- **Your assignment**
Reproduce exactly the lines below, starting with the line that contains "Some of the text" and ending with the last line of the records, both included, and nothing else.

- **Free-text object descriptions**
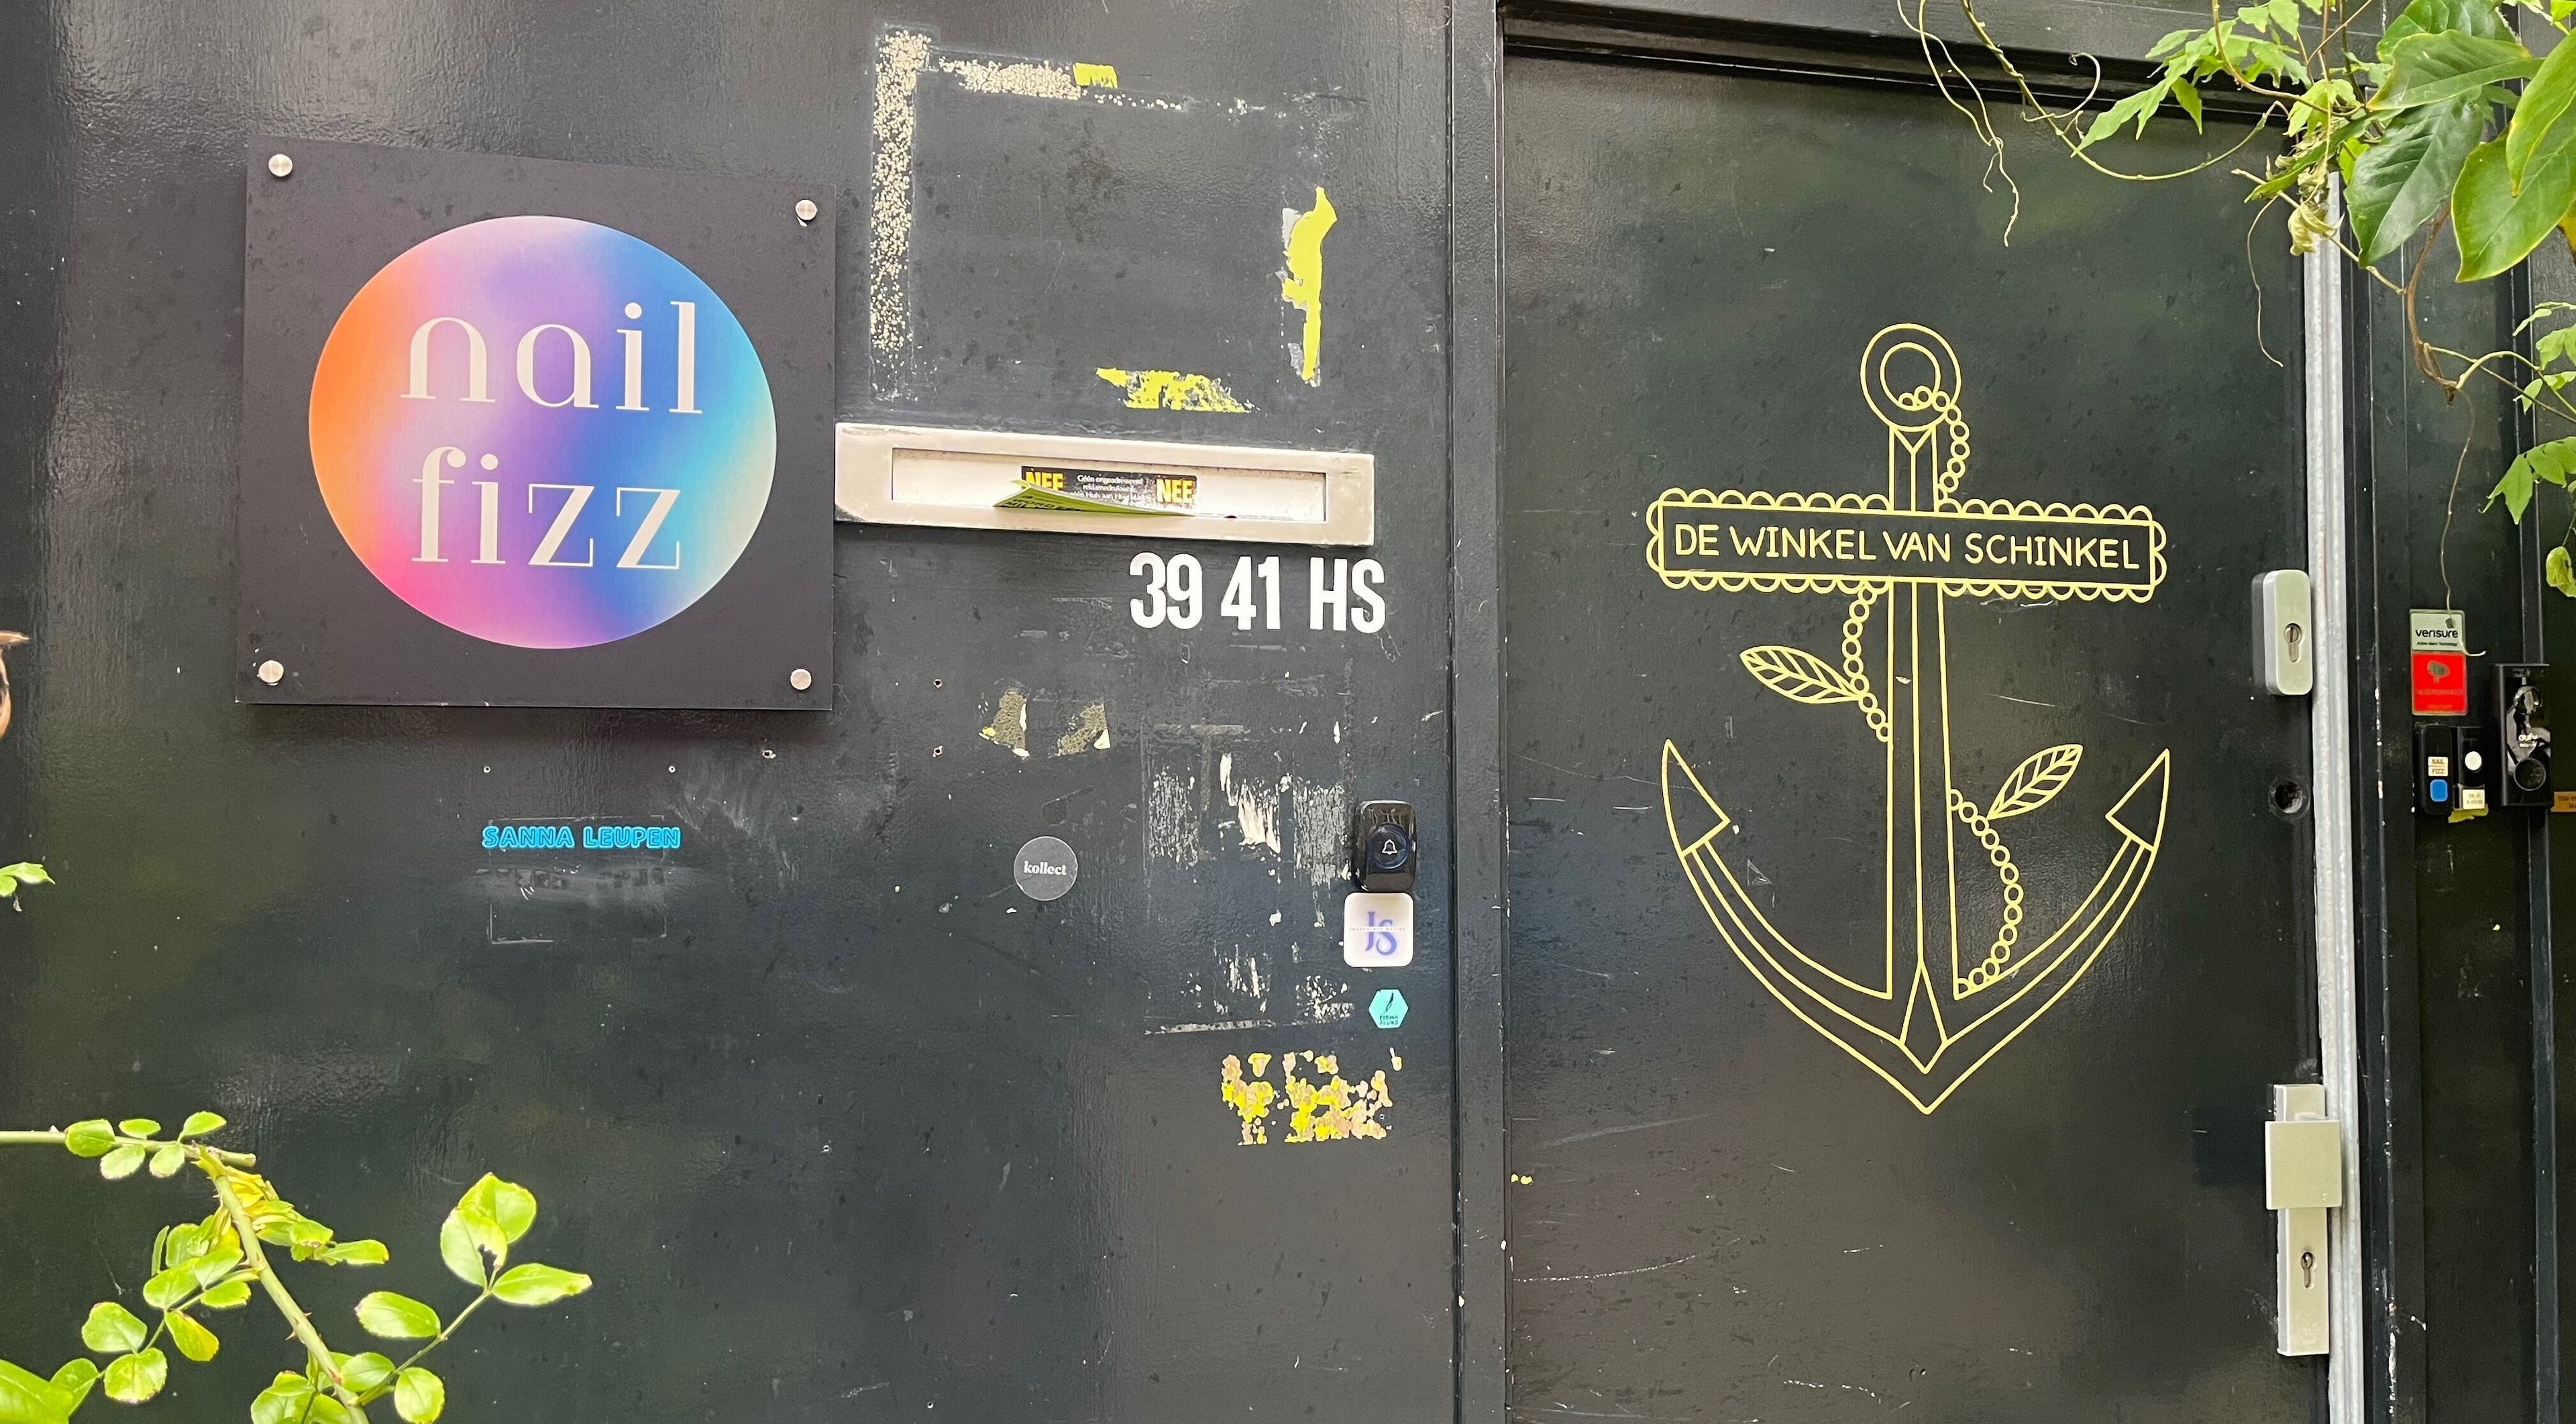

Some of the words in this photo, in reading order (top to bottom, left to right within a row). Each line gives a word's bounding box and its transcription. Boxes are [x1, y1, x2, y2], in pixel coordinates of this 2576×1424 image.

[400, 301, 702, 414] nail
[411, 446, 681, 569] fizz
[1157, 478, 1193, 504] NEE
[1676, 523, 1719, 557] DE
[1729, 525, 1877, 562] WINKEL
[1883, 531, 1951, 563] VAN
[1964, 534, 2140, 571] SCHINKEL
[1129, 551, 1203, 629] 39
[1221, 556, 1281, 630] 41
[1309, 557, 1386, 633] HS
[2415, 629, 2458, 639] verisure
[481, 826, 575, 848] SANNA
[583, 826, 681, 849] LEUPEN
[1024, 860, 1067, 876] kollect
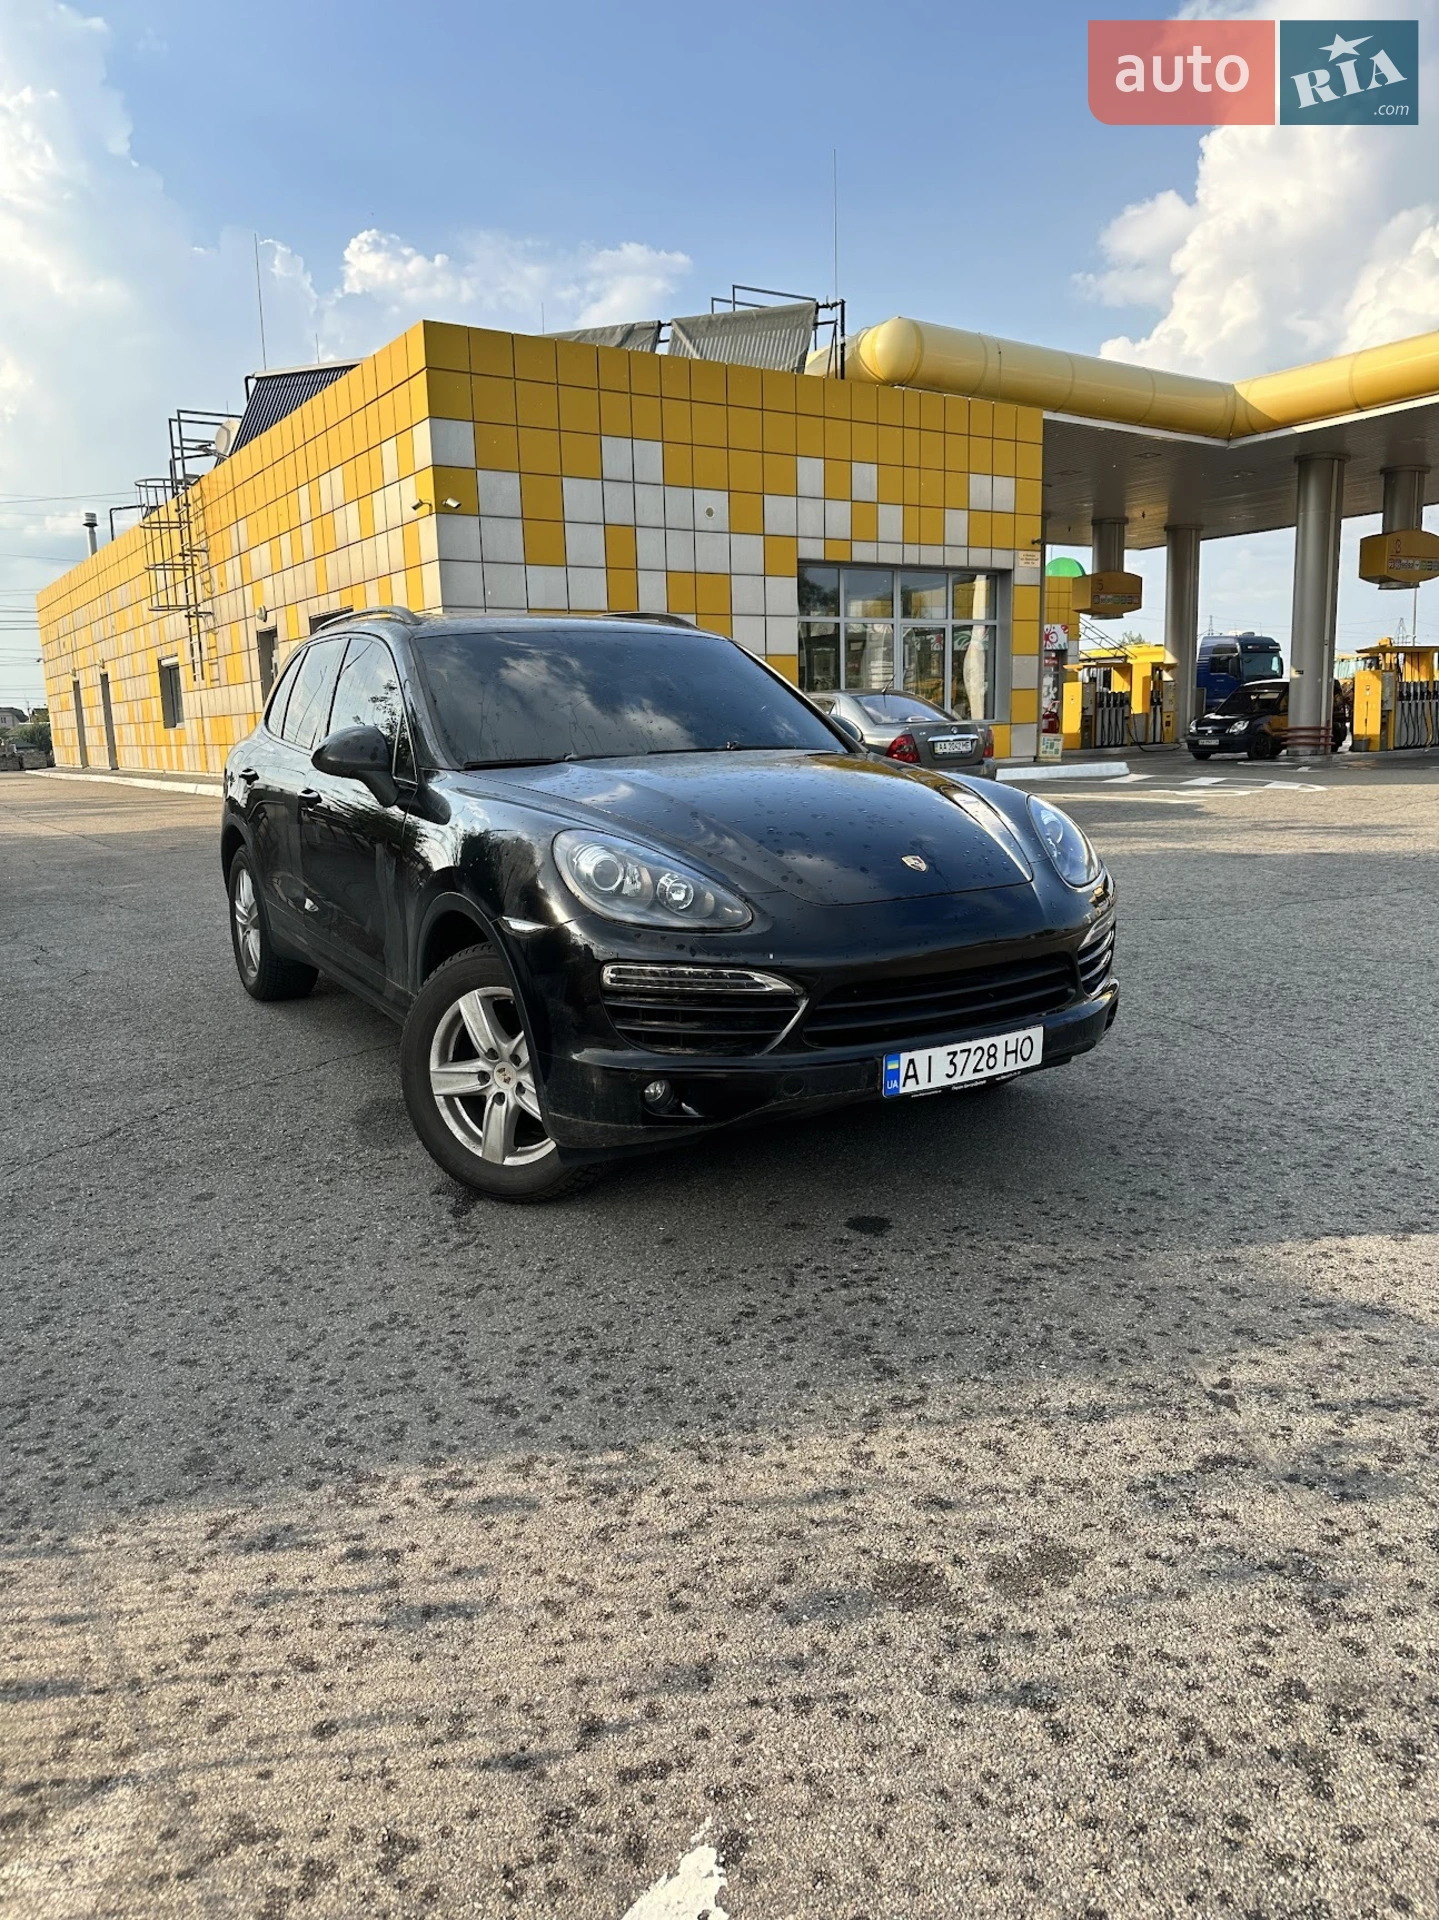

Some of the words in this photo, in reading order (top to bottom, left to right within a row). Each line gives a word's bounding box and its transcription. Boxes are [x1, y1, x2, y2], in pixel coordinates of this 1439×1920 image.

[902, 1055, 932, 1087] AI
[945, 1043, 998, 1079] 3728
[1003, 1035, 1034, 1067] HO
[887, 1081, 898, 1089] UA
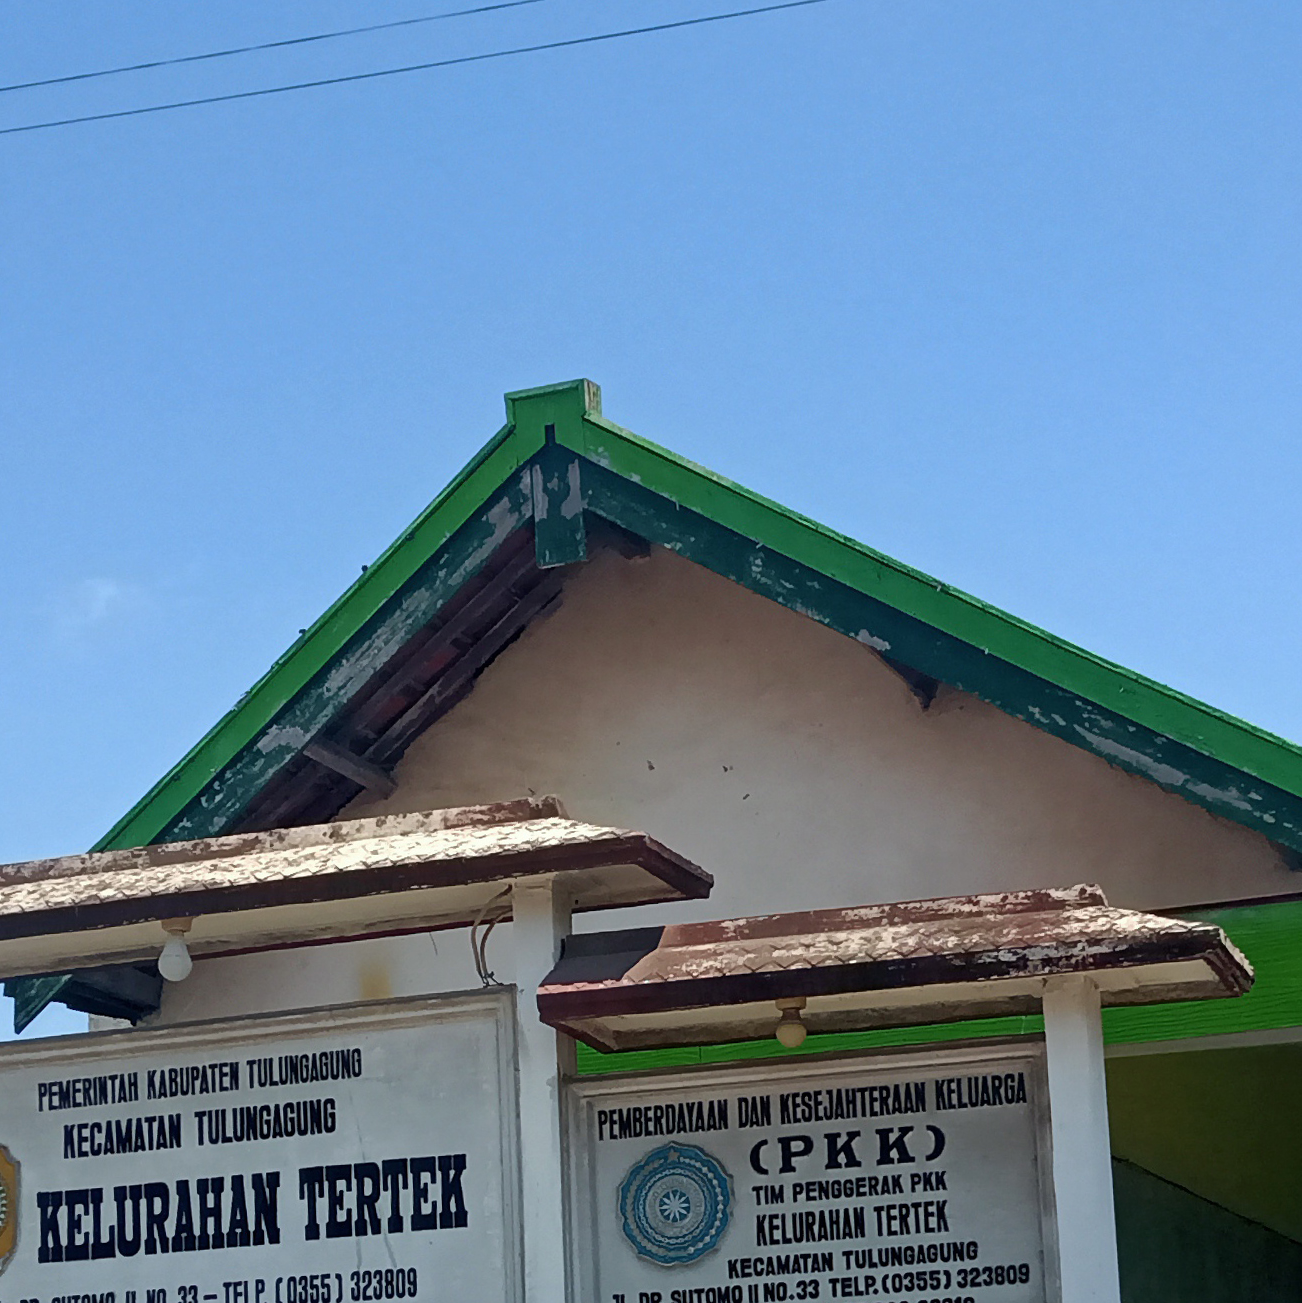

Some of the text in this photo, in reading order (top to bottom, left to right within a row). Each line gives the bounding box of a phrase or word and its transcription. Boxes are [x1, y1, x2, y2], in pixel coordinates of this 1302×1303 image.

[37, 1048, 362, 1112] PEMERINTAH KABUPATEN TULUNGAGUNG
[63, 1098, 336, 1159] KECAMATAN TULUNGAGUNG
[598, 1072, 1028, 1141] PEMBERDAYAAN DAN KESEJAHTERAAN KELUARGA
[749, 1124, 945, 1175] (PKK)
[37, 1154, 467, 1263] KELURAHAN TERTEK
[752, 1171, 947, 1206] TIM PENGGERAK PKK
[756, 1200, 949, 1247] KELURAHAN TERTEK
[350, 1268, 417, 1301] 323809
[727, 1241, 978, 1279] KECAMATAN TULUNGAGUNG
[957, 1264, 1030, 1289] 323809

- **Answer below**
Some of the text in this photo, in reading order (top to bottom, left to right within a row). Each line gives the bounding box of a phrase or word and its transcription. Boxes are [x1, y1, x2, y2], in pixel coordinates of this 1302×1303 image.

[37, 1048, 362, 1112] PEMERINTAH KABUPATEN TULUNGAGUNG
[63, 1098, 336, 1159] KECAMATAN TULUNGAGUNG
[598, 1072, 1028, 1141] PEMBERDAYAAN DAN KESEJAHTERAAN KELUARGA
[749, 1124, 945, 1175] (PKK)
[37, 1154, 467, 1263] KELURAHAN TERTEK
[752, 1171, 947, 1206] TIM PENGGERAK PKK
[756, 1200, 949, 1247] KELURAHAN TERTEK
[350, 1268, 417, 1301] 323809
[727, 1241, 978, 1279] KECAMATAN TULUNGAGUNG
[957, 1264, 1030, 1289] 323809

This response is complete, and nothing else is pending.